• WORK TO BE COMPLETED: Each entry in the listing below should be returned precisely as it is.

····················

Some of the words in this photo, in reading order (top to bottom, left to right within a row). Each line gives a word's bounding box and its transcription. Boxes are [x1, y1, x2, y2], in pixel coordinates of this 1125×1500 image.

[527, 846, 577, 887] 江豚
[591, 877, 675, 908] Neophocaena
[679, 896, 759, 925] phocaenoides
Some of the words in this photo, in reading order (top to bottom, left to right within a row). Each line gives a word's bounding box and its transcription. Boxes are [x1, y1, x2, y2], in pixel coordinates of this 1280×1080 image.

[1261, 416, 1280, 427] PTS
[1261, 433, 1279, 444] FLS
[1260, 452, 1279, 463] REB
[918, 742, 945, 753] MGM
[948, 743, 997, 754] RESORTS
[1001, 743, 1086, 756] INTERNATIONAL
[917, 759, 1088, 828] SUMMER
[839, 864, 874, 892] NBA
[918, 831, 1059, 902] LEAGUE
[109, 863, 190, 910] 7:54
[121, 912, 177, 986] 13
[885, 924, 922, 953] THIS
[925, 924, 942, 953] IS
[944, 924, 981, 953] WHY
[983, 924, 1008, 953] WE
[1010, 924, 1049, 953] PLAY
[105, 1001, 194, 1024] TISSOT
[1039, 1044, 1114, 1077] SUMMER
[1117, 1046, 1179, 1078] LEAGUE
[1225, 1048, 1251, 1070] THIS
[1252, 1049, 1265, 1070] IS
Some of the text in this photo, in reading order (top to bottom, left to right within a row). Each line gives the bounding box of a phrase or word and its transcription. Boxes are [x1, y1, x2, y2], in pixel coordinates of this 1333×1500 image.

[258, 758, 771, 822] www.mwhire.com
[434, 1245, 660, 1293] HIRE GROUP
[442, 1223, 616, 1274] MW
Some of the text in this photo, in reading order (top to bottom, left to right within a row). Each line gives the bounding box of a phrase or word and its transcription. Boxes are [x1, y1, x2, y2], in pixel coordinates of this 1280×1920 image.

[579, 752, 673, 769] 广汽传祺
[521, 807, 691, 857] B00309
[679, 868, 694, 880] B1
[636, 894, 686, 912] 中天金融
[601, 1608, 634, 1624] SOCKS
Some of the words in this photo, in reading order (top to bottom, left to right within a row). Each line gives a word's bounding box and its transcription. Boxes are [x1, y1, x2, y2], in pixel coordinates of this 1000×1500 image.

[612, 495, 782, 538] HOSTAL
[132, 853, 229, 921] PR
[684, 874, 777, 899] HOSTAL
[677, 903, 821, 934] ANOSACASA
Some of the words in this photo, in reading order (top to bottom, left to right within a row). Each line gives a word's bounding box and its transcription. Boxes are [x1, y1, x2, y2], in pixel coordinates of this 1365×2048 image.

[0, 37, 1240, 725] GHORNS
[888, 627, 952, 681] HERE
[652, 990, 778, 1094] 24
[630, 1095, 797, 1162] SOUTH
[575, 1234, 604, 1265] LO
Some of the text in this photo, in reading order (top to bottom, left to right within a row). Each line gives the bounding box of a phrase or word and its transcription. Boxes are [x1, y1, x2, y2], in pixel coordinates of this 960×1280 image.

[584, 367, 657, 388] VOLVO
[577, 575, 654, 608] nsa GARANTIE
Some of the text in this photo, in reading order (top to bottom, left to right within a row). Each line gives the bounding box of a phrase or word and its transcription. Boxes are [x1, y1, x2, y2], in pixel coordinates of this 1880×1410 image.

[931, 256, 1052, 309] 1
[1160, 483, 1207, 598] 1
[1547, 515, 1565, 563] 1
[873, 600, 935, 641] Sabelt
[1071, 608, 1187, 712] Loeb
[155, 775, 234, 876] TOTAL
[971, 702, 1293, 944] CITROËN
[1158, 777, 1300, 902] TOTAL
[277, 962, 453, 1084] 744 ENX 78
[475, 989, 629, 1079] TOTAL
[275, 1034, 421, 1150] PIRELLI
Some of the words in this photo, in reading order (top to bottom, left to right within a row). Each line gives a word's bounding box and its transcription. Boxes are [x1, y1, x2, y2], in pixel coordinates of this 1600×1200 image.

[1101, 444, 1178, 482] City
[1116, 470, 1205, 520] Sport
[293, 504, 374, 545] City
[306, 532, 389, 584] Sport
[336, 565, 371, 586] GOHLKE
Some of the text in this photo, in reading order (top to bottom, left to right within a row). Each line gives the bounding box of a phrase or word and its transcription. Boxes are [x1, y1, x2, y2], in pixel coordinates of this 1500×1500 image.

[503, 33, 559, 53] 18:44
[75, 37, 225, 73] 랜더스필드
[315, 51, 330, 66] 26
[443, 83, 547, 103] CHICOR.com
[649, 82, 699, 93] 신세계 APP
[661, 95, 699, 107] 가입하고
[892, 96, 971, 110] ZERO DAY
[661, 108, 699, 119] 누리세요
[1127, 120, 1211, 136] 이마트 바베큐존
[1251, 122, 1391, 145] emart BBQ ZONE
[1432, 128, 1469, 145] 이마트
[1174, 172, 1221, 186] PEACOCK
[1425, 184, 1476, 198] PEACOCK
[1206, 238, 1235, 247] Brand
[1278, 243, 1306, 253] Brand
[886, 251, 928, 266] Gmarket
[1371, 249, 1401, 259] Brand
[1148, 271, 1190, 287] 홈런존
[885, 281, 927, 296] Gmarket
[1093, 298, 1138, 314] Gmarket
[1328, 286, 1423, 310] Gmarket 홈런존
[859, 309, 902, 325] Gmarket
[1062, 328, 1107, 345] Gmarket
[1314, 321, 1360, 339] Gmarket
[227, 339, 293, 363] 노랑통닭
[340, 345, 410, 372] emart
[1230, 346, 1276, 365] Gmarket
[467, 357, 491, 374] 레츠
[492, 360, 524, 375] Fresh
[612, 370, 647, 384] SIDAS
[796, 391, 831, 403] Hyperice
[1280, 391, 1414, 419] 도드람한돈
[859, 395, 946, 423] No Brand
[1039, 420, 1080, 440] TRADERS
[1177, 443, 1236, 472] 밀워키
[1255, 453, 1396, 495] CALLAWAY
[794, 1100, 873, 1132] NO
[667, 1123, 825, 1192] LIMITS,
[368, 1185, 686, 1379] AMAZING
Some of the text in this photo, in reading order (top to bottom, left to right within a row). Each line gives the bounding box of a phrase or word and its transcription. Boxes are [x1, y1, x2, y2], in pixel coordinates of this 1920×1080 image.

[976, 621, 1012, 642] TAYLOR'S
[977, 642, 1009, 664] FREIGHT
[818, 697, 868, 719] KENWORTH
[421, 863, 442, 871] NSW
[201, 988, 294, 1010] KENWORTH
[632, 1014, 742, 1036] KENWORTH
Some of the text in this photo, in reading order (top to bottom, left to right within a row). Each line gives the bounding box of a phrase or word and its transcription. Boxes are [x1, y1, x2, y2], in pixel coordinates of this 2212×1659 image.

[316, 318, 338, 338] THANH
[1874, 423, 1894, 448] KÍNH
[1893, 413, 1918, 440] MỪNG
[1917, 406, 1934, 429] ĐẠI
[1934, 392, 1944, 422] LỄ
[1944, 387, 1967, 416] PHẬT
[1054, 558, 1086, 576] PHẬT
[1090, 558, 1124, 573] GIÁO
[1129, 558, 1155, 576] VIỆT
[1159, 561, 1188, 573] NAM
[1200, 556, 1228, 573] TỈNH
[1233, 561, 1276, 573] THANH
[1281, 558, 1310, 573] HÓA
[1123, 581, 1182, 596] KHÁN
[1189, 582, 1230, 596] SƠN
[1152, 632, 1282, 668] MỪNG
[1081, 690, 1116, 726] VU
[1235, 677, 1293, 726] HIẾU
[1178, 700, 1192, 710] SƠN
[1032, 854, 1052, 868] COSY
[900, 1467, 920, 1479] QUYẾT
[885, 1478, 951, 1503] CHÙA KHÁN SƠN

····················

• RESPONSE:
Some of the words in this photo, in reading order (top to bottom, left to right within a row). Each line gives a word's bounding box and its transcription. Boxes are [x1, y1, x2, y2], in pixel coordinates of this 1125×1500 image.

[527, 846, 577, 887] 江豚
[591, 877, 675, 908] Neophocaena
[679, 896, 759, 925] phocaenoides
Some of the words in this photo, in reading order (top to bottom, left to right within a row). Each line gives a word's bounding box and its transcription. Boxes are [x1, y1, x2, y2], in pixel coordinates of this 1280×1080 image.

[1261, 416, 1280, 427] PTS
[1261, 433, 1279, 444] FLS
[1260, 452, 1279, 463] REB
[918, 742, 945, 753] MGM
[948, 743, 997, 754] RESORTS
[1001, 743, 1086, 756] INTERNATIONAL
[917, 759, 1088, 828] SUMMER
[839, 864, 874, 892] NBA
[918, 831, 1059, 902] LEAGUE
[109, 863, 190, 910] 7:54
[121, 912, 177, 986] 13
[885, 924, 922, 953] THIS
[925, 924, 942, 953] IS
[944, 924, 981, 953] WHY
[983, 924, 1008, 953] WE
[1010, 924, 1049, 953] PLAY
[105, 1001, 194, 1024] TISSOT
[1039, 1044, 1114, 1077] SUMMER
[1117, 1046, 1179, 1078] LEAGUE
[1225, 1048, 1251, 1070] THIS
[1252, 1049, 1265, 1070] IS
Some of the text in this photo, in reading order (top to bottom, left to right within a row). Each line gives the bounding box of a phrase or word and its transcription. Boxes are [x1, y1, x2, y2], in pixel coordinates of this 1333×1500 image.

[258, 758, 771, 822] www.mwhire.com
[434, 1245, 660, 1293] HIRE GROUP
[442, 1223, 616, 1274] MW
Some of the text in this photo, in reading order (top to bottom, left to right within a row). Each line gives the bounding box of a phrase or word and its transcription. Boxes are [x1, y1, x2, y2], in pixel coordinates of this 1280×1920 image.

[579, 752, 673, 769] 广汽传祺
[521, 807, 691, 857] B00309
[679, 868, 694, 880] B1
[636, 894, 686, 912] 中天金融
[601, 1608, 634, 1624] SOCKS
Some of the words in this photo, in reading order (top to bottom, left to right within a row). Each line gives a word's bounding box and its transcription. Boxes are [x1, y1, x2, y2], in pixel coordinates of this 1000×1500 image.

[612, 495, 782, 538] HOSTAL
[132, 853, 229, 921] PR
[684, 874, 777, 899] HOSTAL
[677, 903, 821, 934] ANOSACASA
Some of the words in this photo, in reading order (top to bottom, left to right within a row). Each line gives a word's bounding box and its transcription. Boxes are [x1, y1, x2, y2], in pixel coordinates of this 1365×2048 image.

[0, 37, 1240, 725] GHORNS
[888, 627, 952, 681] HERE
[652, 990, 778, 1094] 24
[630, 1095, 797, 1162] SOUTH
[575, 1234, 604, 1265] LO
Some of the text in this photo, in reading order (top to bottom, left to right within a row). Each line gives the bounding box of a phrase or word and its transcription. Boxes are [x1, y1, x2, y2], in pixel coordinates of this 960×1280 image.

[584, 367, 657, 388] VOLVO
[577, 575, 654, 608] nsa GARANTIE
Some of the text in this photo, in reading order (top to bottom, left to right within a row). Each line gives the bounding box of a phrase or word and its transcription. Boxes are [x1, y1, x2, y2], in pixel coordinates of this 1880×1410 image.

[931, 256, 1052, 309] 1
[1160, 483, 1207, 598] 1
[1547, 515, 1565, 563] 1
[873, 600, 935, 641] Sabelt
[1071, 608, 1187, 712] Loeb
[155, 775, 234, 876] TOTAL
[971, 702, 1293, 944] CITROËN
[1158, 777, 1300, 902] TOTAL
[277, 962, 453, 1084] 744 ENX 78
[475, 989, 629, 1079] TOTAL
[275, 1034, 421, 1150] PIRELLI
Some of the words in this photo, in reading order (top to bottom, left to right within a row). Each line gives a word's bounding box and its transcription. Boxes are [x1, y1, x2, y2], in pixel coordinates of this 1600×1200 image.

[1101, 444, 1178, 482] City
[1116, 470, 1205, 520] Sport
[293, 504, 374, 545] City
[306, 532, 389, 584] Sport
[336, 565, 371, 586] GOHLKE
Some of the text in this photo, in reading order (top to bottom, left to right within a row). Each line gives the bounding box of a phrase or word and its transcription. Boxes are [x1, y1, x2, y2], in pixel coordinates of this 1500×1500 image.

[503, 33, 559, 53] 18:44
[75, 37, 225, 73] 랜더스필드
[315, 51, 330, 66] 26
[443, 83, 547, 103] CHICOR.com
[649, 82, 699, 93] 신세계 APP
[661, 95, 699, 107] 가입하고
[892, 96, 971, 110] ZERO DAY
[661, 108, 699, 119] 누리세요
[1127, 120, 1211, 136] 이마트 바베큐존
[1251, 122, 1391, 145] emart BBQ ZONE
[1432, 128, 1469, 145] 이마트
[1174, 172, 1221, 186] PEACOCK
[1425, 184, 1476, 198] PEACOCK
[1206, 238, 1235, 247] Brand
[1278, 243, 1306, 253] Brand
[886, 251, 928, 266] Gmarket
[1371, 249, 1401, 259] Brand
[1148, 271, 1190, 287] 홈런존
[885, 281, 927, 296] Gmarket
[1093, 298, 1138, 314] Gmarket
[1328, 286, 1423, 310] Gmarket 홈런존
[859, 309, 902, 325] Gmarket
[1062, 328, 1107, 345] Gmarket
[1314, 321, 1360, 339] Gmarket
[227, 339, 293, 363] 노랑통닭
[340, 345, 410, 372] emart
[1230, 346, 1276, 365] Gmarket
[467, 357, 491, 374] 레츠
[492, 360, 524, 375] Fresh
[612, 370, 647, 384] SIDAS
[796, 391, 831, 403] Hyperice
[1280, 391, 1414, 419] 도드람한돈
[859, 395, 946, 423] No Brand
[1039, 420, 1080, 440] TRADERS
[1177, 443, 1236, 472] 밀워키
[1255, 453, 1396, 495] CALLAWAY
[794, 1100, 873, 1132] NO
[667, 1123, 825, 1192] LIMITS,
[368, 1185, 686, 1379] AMAZING
Some of the text in this photo, in reading order (top to bottom, left to right within a row). Each line gives the bounding box of a phrase or word and its transcription. Boxes are [x1, y1, x2, y2], in pixel coordinates of this 1920×1080 image.

[976, 621, 1012, 642] TAYLOR'S
[977, 642, 1009, 664] FREIGHT
[818, 697, 868, 719] KENWORTH
[421, 863, 442, 871] NSW
[201, 988, 294, 1010] KENWORTH
[632, 1014, 742, 1036] KENWORTH
Some of the text in this photo, in reading order (top to bottom, left to right within a row). Each line gives the bounding box of a phrase or word and its transcription. Boxes are [x1, y1, x2, y2], in pixel coordinates of this 2212×1659 image.

[316, 318, 338, 338] THANH
[1874, 423, 1894, 448] KÍNH
[1893, 413, 1918, 440] MỪNG
[1917, 406, 1934, 429] ĐẠI
[1934, 392, 1944, 422] LỄ
[1944, 387, 1967, 416] PHẬT
[1054, 558, 1086, 576] PHẬT
[1090, 558, 1124, 573] GIÁO
[1129, 558, 1155, 576] VIỆT
[1159, 561, 1188, 573] NAM
[1200, 556, 1228, 573] TỈNH
[1233, 561, 1276, 573] THANH
[1281, 558, 1310, 573] HÓA
[1123, 581, 1182, 596] KHÁN
[1189, 582, 1230, 596] SƠN
[1152, 632, 1282, 668] MỪNG
[1081, 690, 1116, 726] VU
[1235, 677, 1293, 726] HIẾU
[1178, 700, 1192, 710] SƠN
[1032, 854, 1052, 868] COSY
[900, 1467, 920, 1479] QUYẾT
[885, 1478, 951, 1503] CHÙA KHÁN SƠN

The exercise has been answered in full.